Since teen pop star Justin Bieber was alleged to be the father of a young woman’s baby, paternity has been a hot topic. However, paternity disputes are not just for celebrities. There were approximately 500,000 paternity tests performed in the U.S. last year. This week, the largest DNA testing company in the U.S. reported that they have experienced an increase in paternity inquiries recently.
There are a number of situations in which someone would need to confirm paternity. Whether a mother is attempting to secure child support or an alleged father is disputing any biological relation to a child, the increase in testing is not just happening in Hollywood.
Whether someone requests a test to confirm or challenge paternity, establishing paternity can be vital in order to confirm chain of custody, obtain accurate medical histories and access a range of benefits allowed only to family members. Additionally, defining parentage can be highly beneficial in developing family bonds.

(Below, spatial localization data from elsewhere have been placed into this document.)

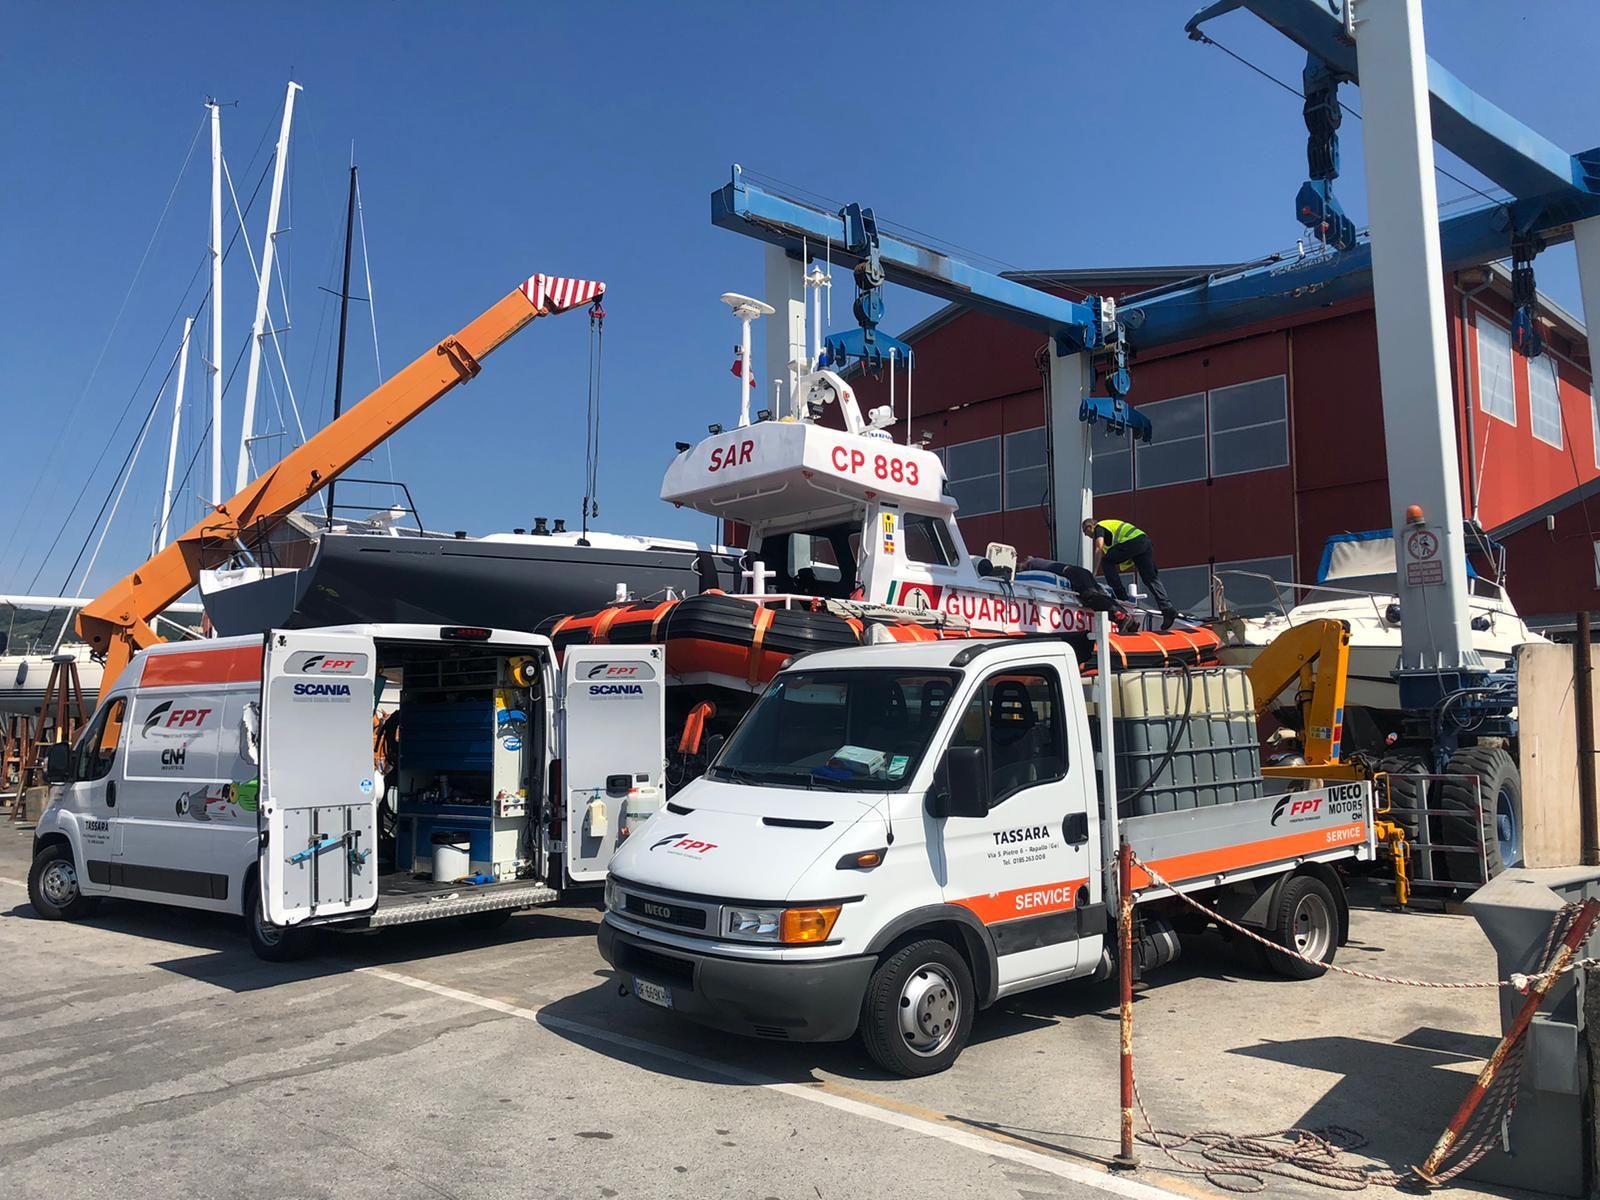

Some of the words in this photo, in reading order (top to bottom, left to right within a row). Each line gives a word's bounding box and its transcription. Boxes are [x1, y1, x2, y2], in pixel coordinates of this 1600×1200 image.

[708, 440, 754, 472] SAR
[831, 446, 865, 474] CP
[874, 454, 919, 486] 883
[946, 593, 1041, 626] GUARDIA
[321, 659, 356, 669] FPT
[606, 667, 638, 675] FPT
[294, 683, 351, 696] SCANIA
[589, 685, 643, 695] SCANIA
[165, 708, 213, 728] FPT
[161, 748, 186, 765] CNH
[1328, 784, 1362, 802] IVECO
[1290, 799, 1322, 816] FPT
[1328, 800, 1363, 815] MOTORS
[85, 820, 109, 831] TASSARA
[993, 825, 1050, 845] TASSARA
[1326, 827, 1361, 843] SERVICE
[673, 839, 718, 853] FPT
[1003, 848, 1019, 856] Pietro
[1015, 887, 1071, 910] SERVICE
[644, 903, 671, 919] IVECO

Among married couples, paternity is rarely challenged. When a couple is not married or there are disputes from either party, answers are needed to determine a wide range of issues involving fathers’ rights. In some states, even if there is no dispute, unmarried couples must legally establish parental rights by signing an Acknowledgment of Paternity form. Further, if an unmarried father wants legal and physical custody rights to their child, a paternity case needs to be filed in court.
Included in this recent report on paternal testing were some surprising results. According to a chief science officer at the paternity testing lab, it is estimated that only about two-thirds of men they test are proven to be the biological father of a child.
If either the mother or father has any doubts regarding a child’s paternity, it is strongly suggested that a DNA test take place. Lawyers who specialize in paternity cases can assist in securing a valid testing facility, establishing child custody schedules and determining what, if any, financial adjustments may be needed.